(Free-text object descriptions)
Content starts

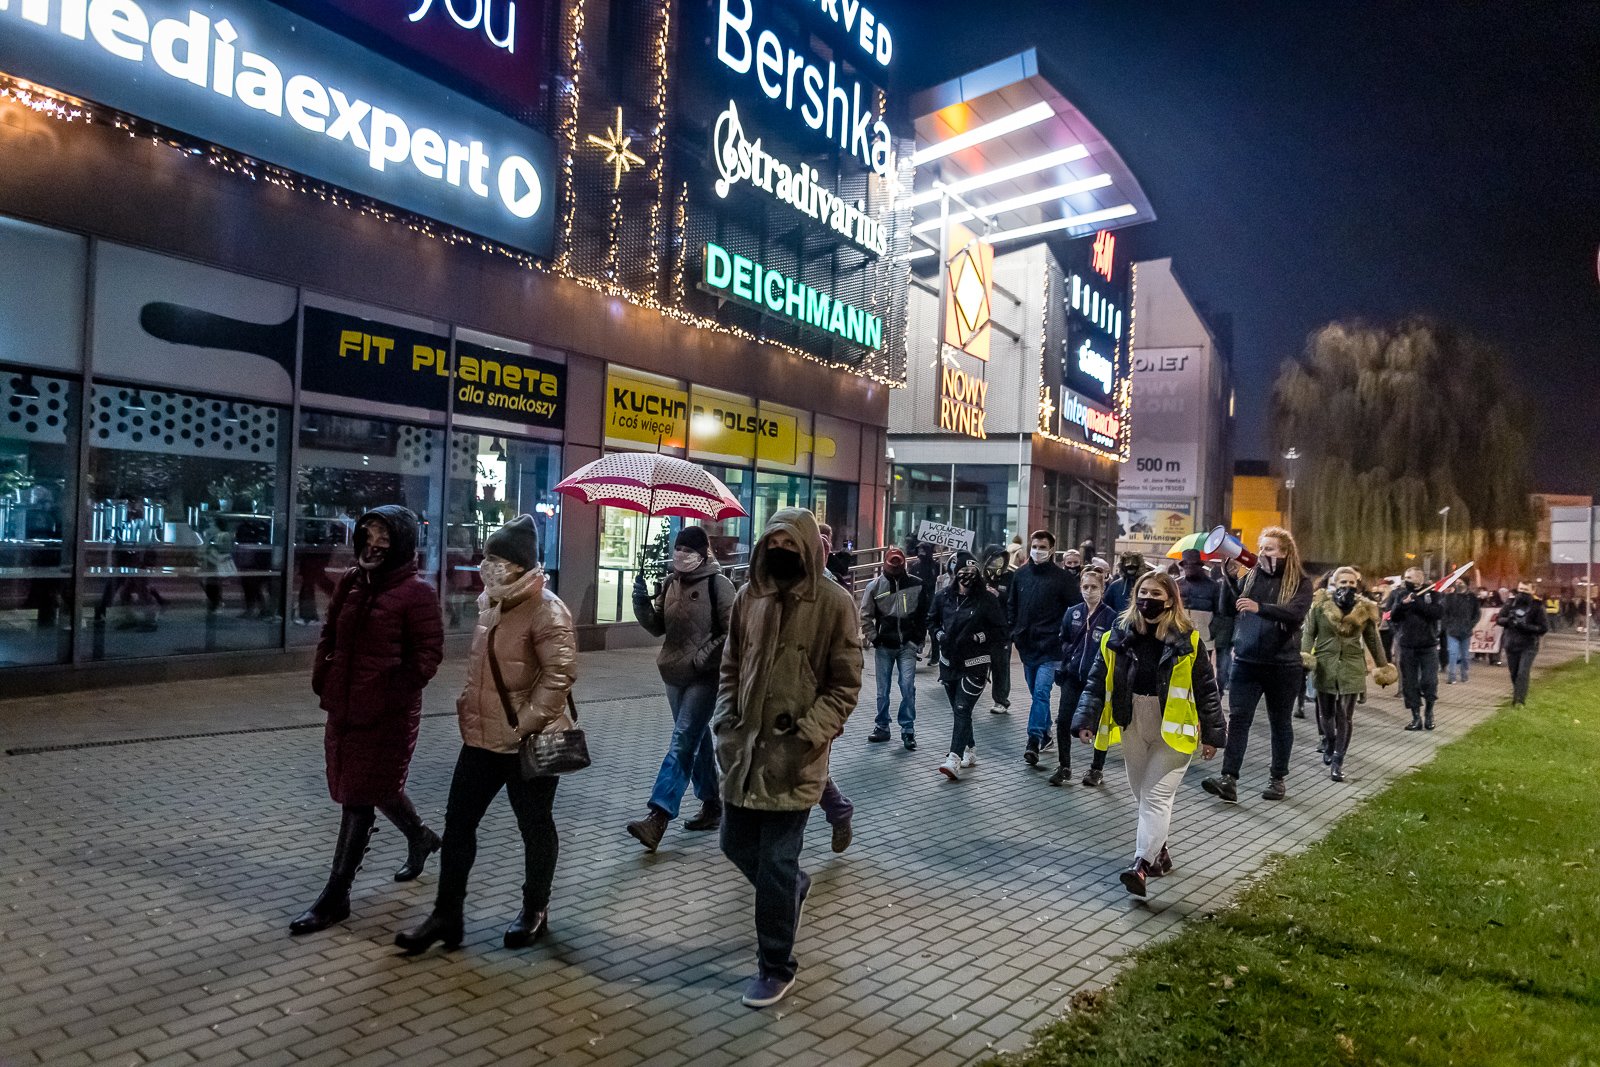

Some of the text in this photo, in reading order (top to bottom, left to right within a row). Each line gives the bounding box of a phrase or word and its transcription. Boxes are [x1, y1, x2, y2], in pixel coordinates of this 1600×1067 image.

[718, 0, 893, 178] Bershka
[706, 243, 882, 350] DEICHMANN
[339, 329, 394, 365] FIT
[458, 384, 557, 418] dla smakoszy
[942, 365, 989, 410] NOWY
[618, 415, 638, 430] coś
[641, 419, 675, 438] więcej
[940, 397, 987, 440] RYNEK
[1136, 457, 1180, 472] 500 m
[920, 531, 968, 550] KOBIETA
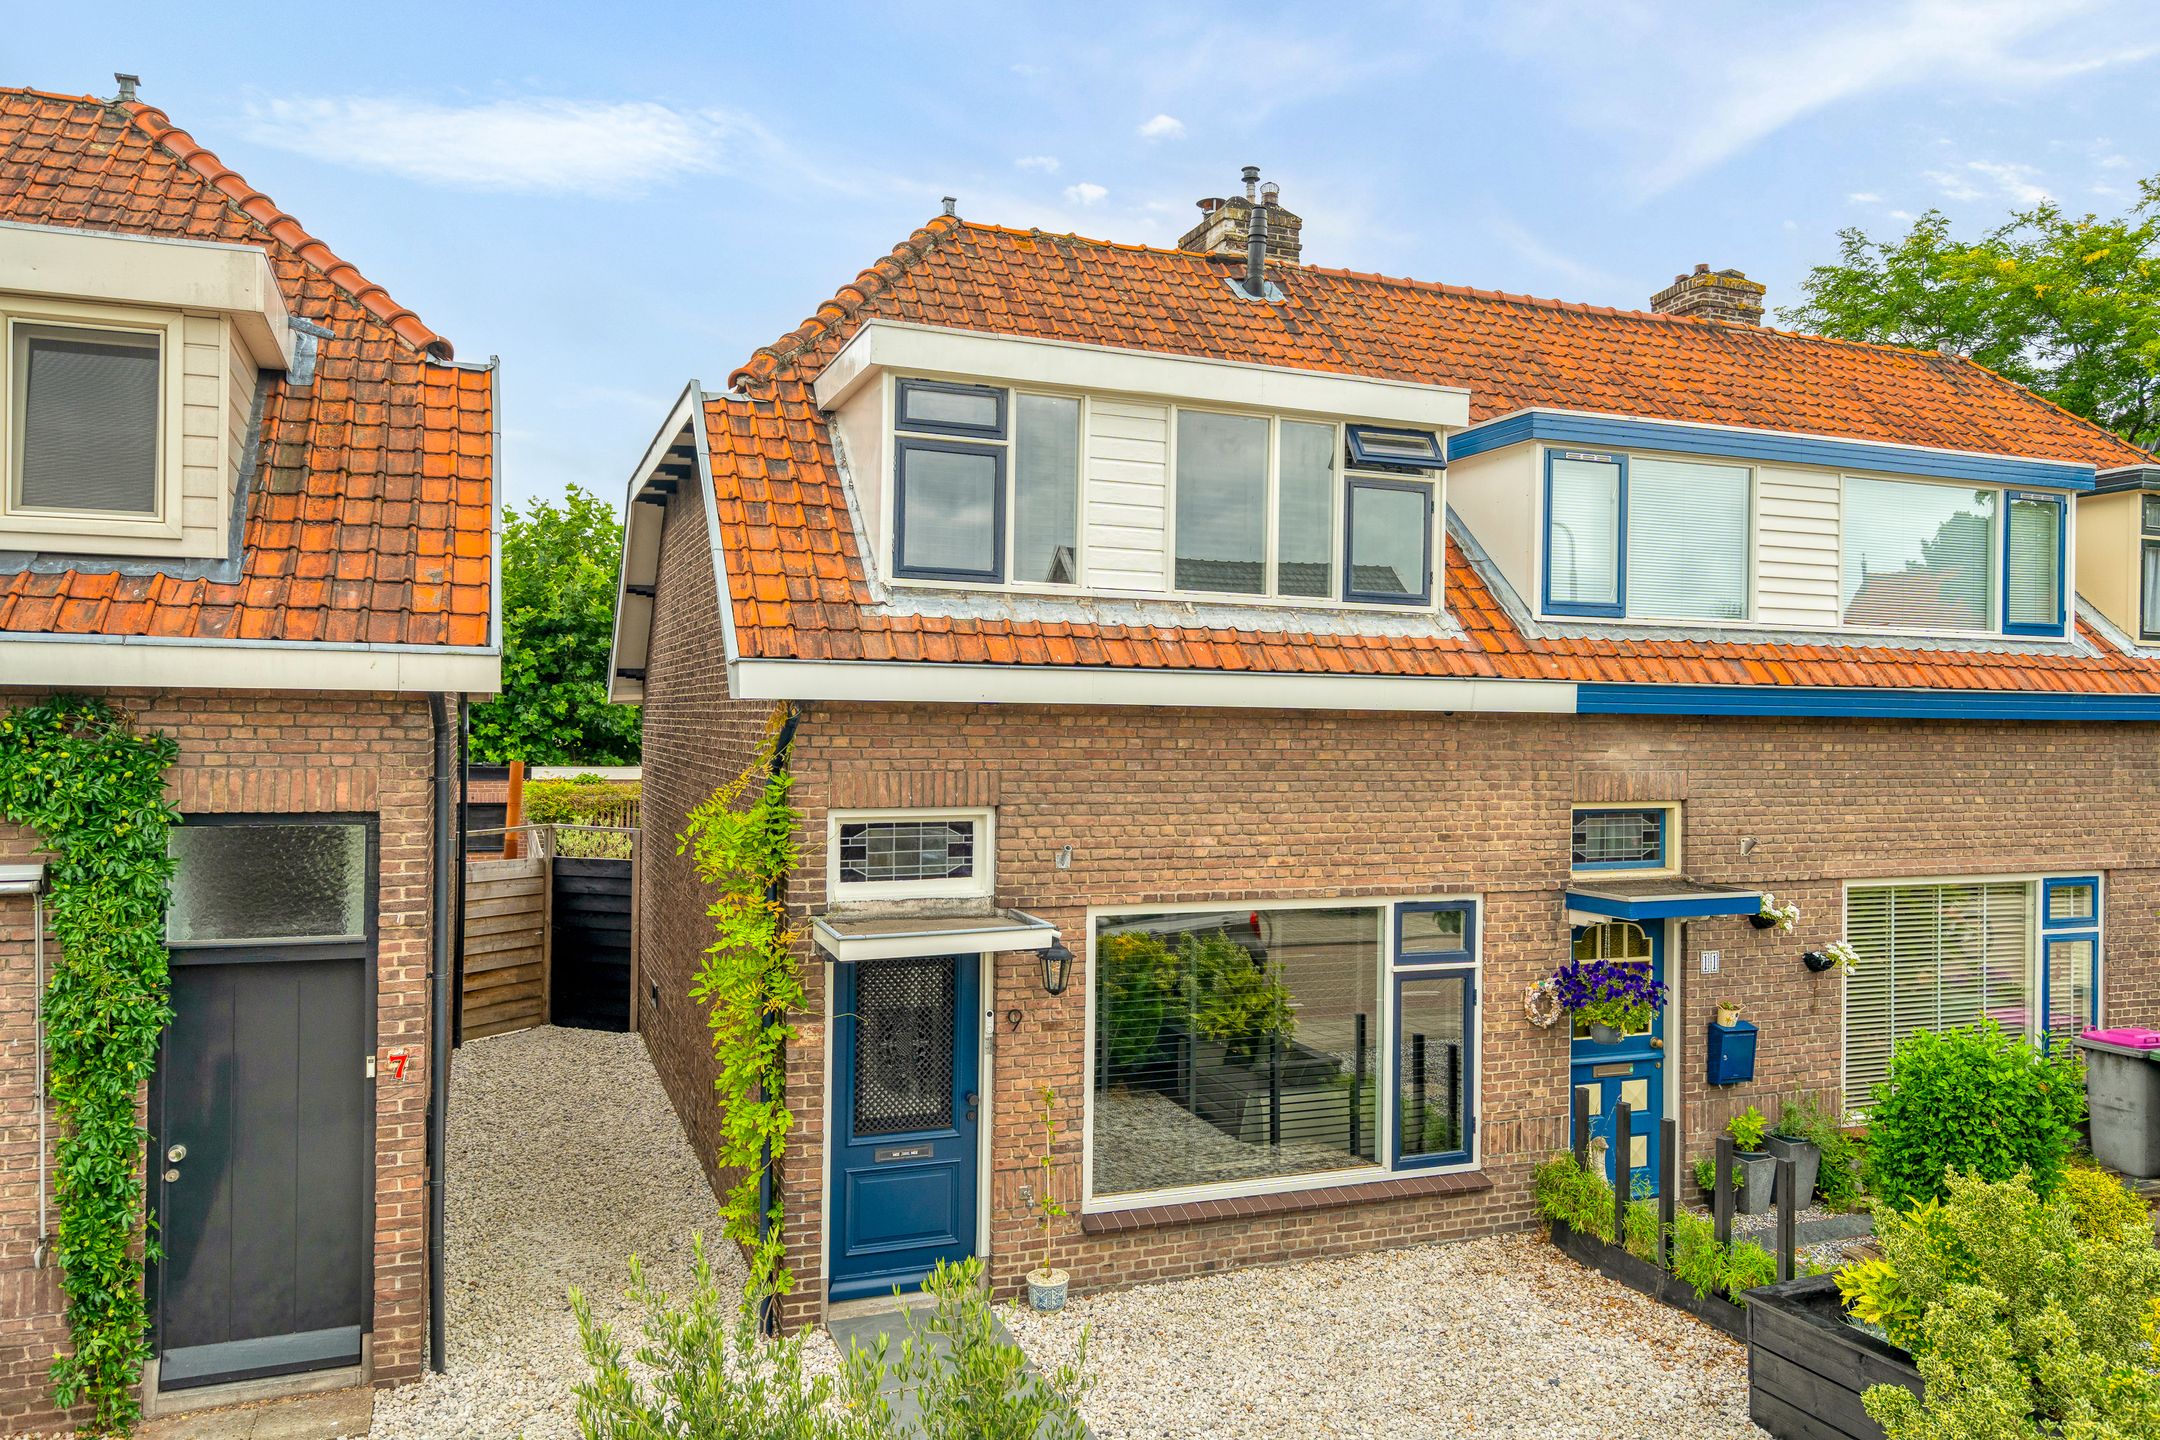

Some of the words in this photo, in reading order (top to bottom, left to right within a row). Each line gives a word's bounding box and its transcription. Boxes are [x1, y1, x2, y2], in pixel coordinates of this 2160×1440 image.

[1703, 955, 1717, 971] 11
[1007, 1008, 1023, 1032] 9
[389, 1054, 409, 1080] 7
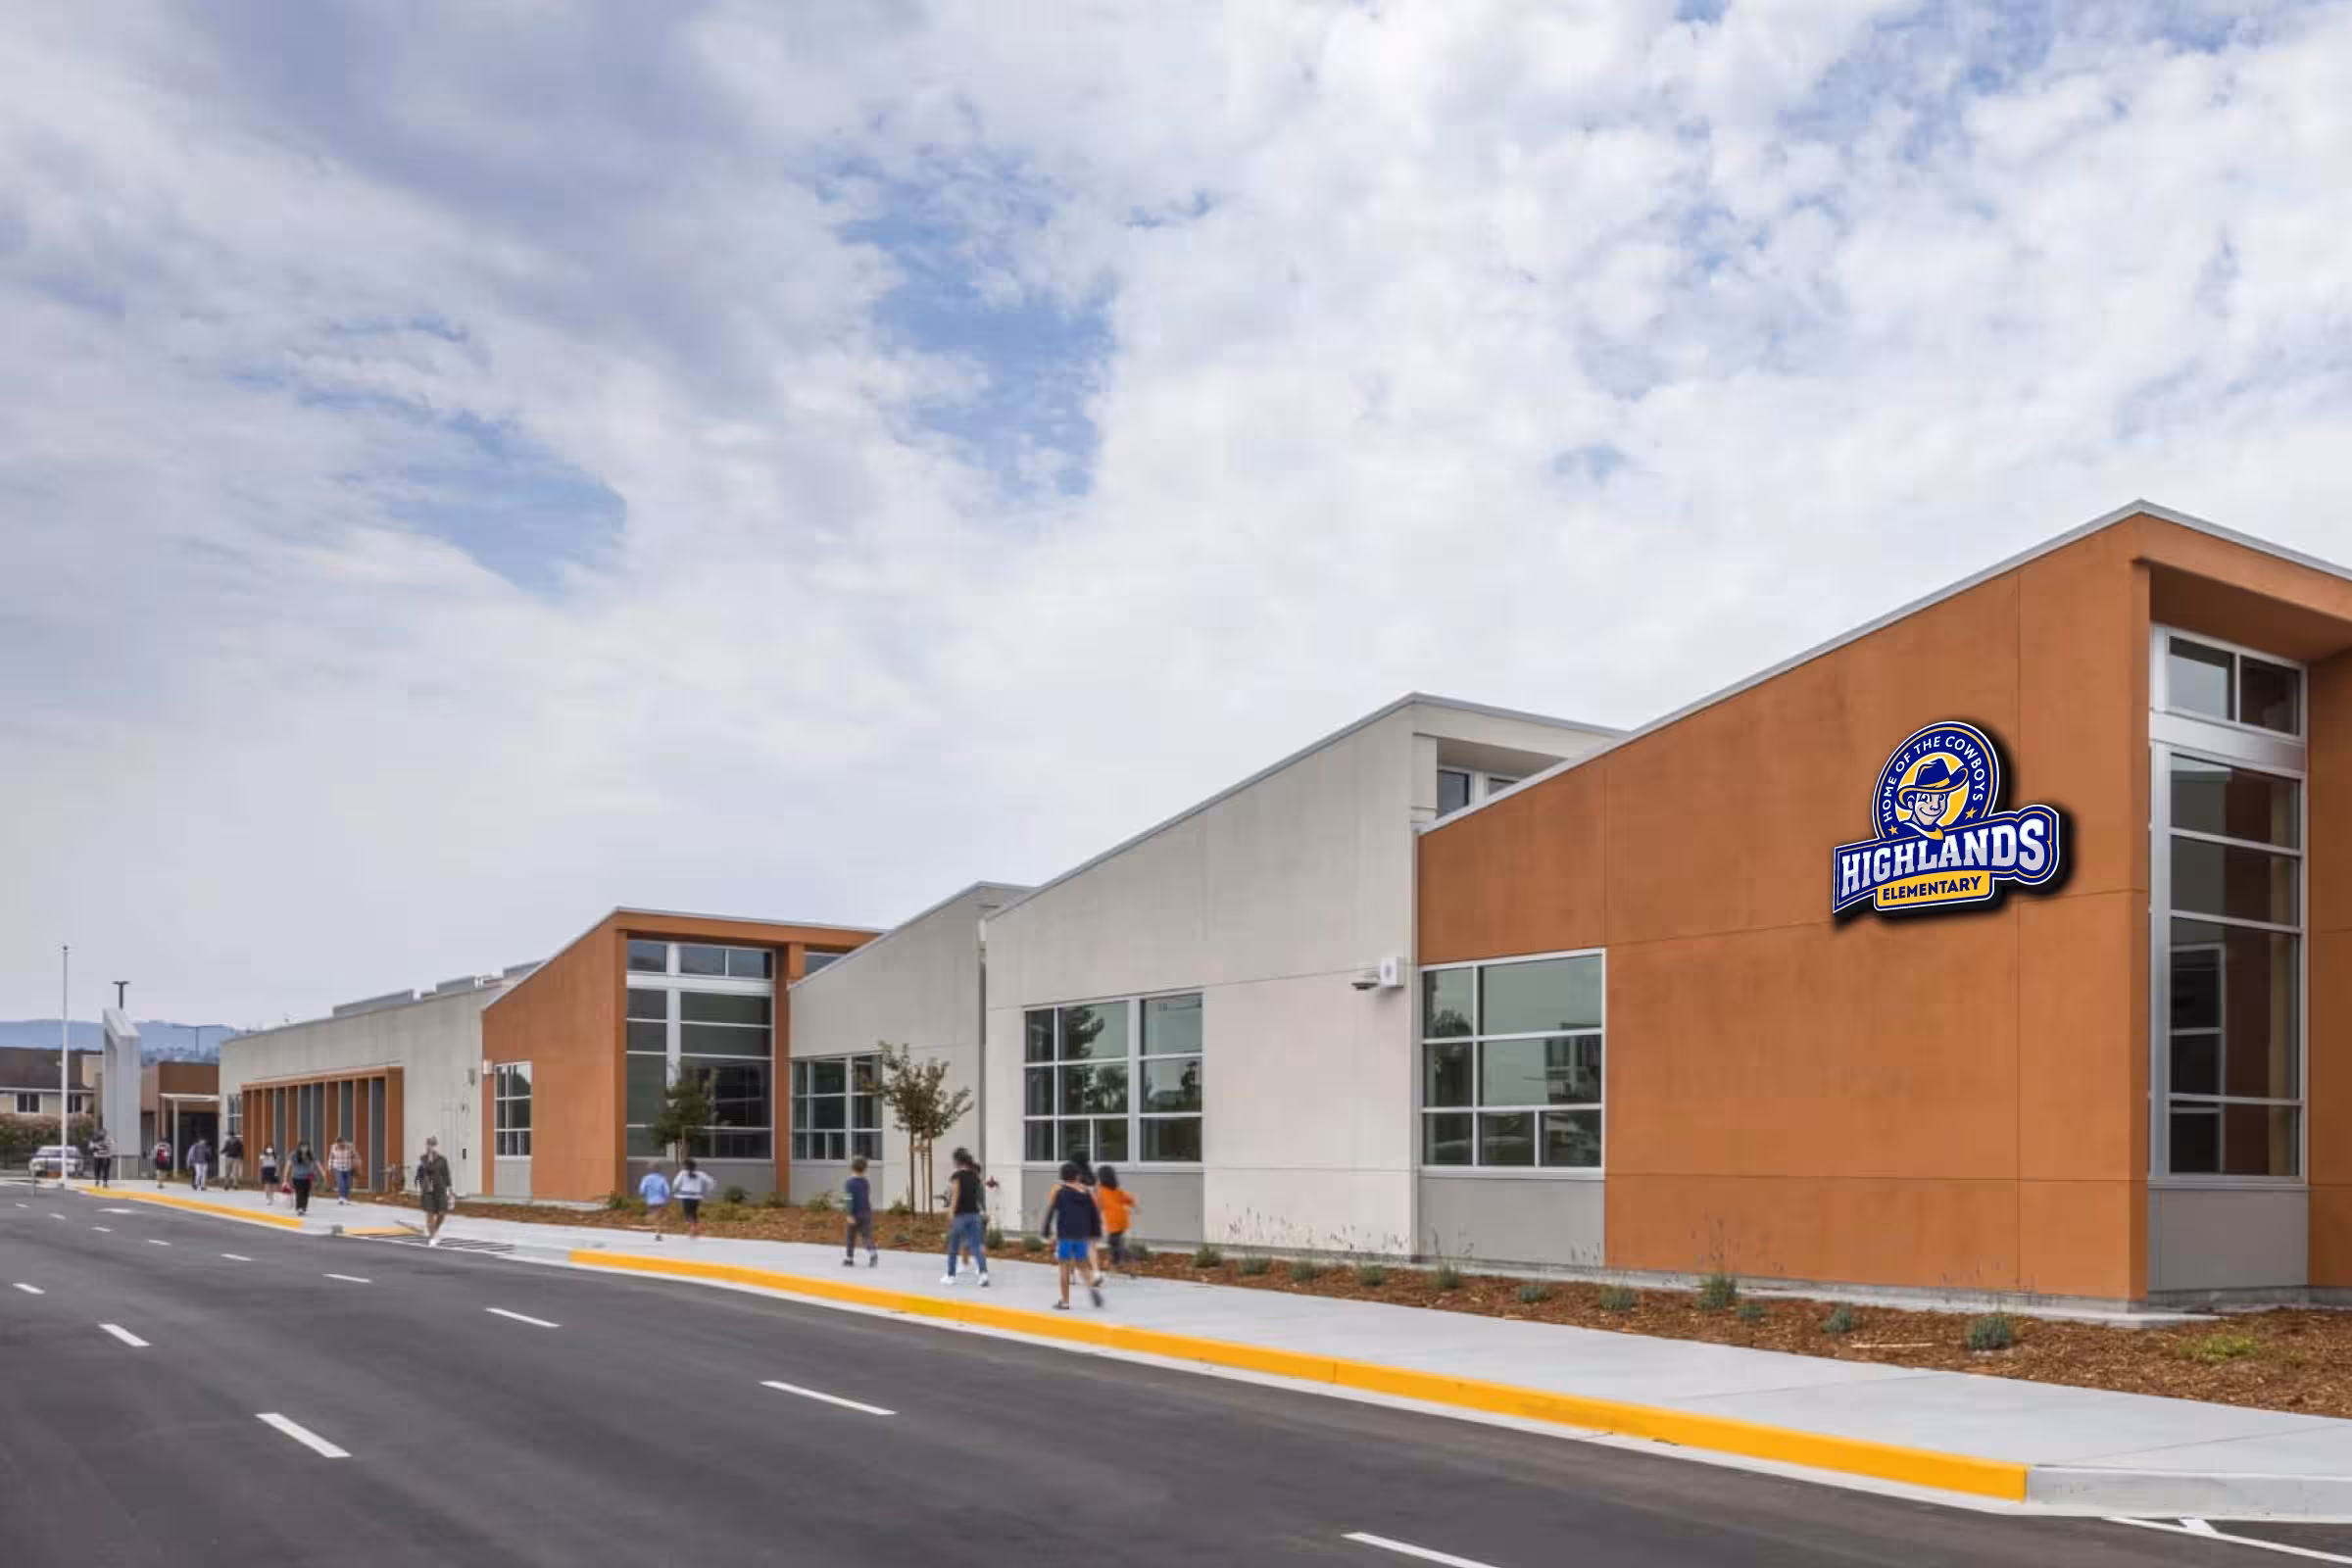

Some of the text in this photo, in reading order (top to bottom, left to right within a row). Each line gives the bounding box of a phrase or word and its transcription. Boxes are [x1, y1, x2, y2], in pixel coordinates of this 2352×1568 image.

[1883, 735, 1985, 822] HOME OF THE COWBOYS
[1840, 818, 2045, 898] HIGHLANDS
[1883, 875, 1982, 901] ELEMENTARY

Content ends

__Task statement__.
Restate the records above in full, word for word. Keep pictures out.

__Response to the task__.
Some of the text in this photo, in reading order (top to bottom, left to right within a row). Each line gives the bounding box of a phrase or word and its transcription. Boxes are [x1, y1, x2, y2], in pixel coordinates of this 1600×1067 image.

[718, 0, 893, 178] Bershka
[706, 243, 882, 350] DEICHMANN
[339, 329, 394, 365] FIT
[458, 384, 557, 418] dla smakoszy
[942, 365, 989, 410] NOWY
[618, 415, 638, 430] coś
[641, 419, 675, 438] więcej
[940, 397, 987, 440] RYNEK
[1136, 457, 1180, 472] 500 m
[920, 531, 968, 550] KOBIETA

Some of the words in this photo, in reading order (top to bottom, left to right within a row). Each line gives a word's bounding box and its transcription. Boxes are [x1, y1, x2, y2], in pixel coordinates of this 2160×1440 image.

[1703, 955, 1717, 971] 11
[1007, 1008, 1023, 1032] 9
[389, 1054, 409, 1080] 7

Some of the text in this photo, in reading order (top to bottom, left to right within a row). Each line gives the bounding box of a phrase or word and its transcription. Boxes are [x1, y1, x2, y2], in pixel coordinates of this 2352×1568 image.

[1883, 735, 1985, 822] HOME OF THE COWBOYS
[1840, 818, 2045, 898] HIGHLANDS
[1883, 875, 1982, 901] ELEMENTARY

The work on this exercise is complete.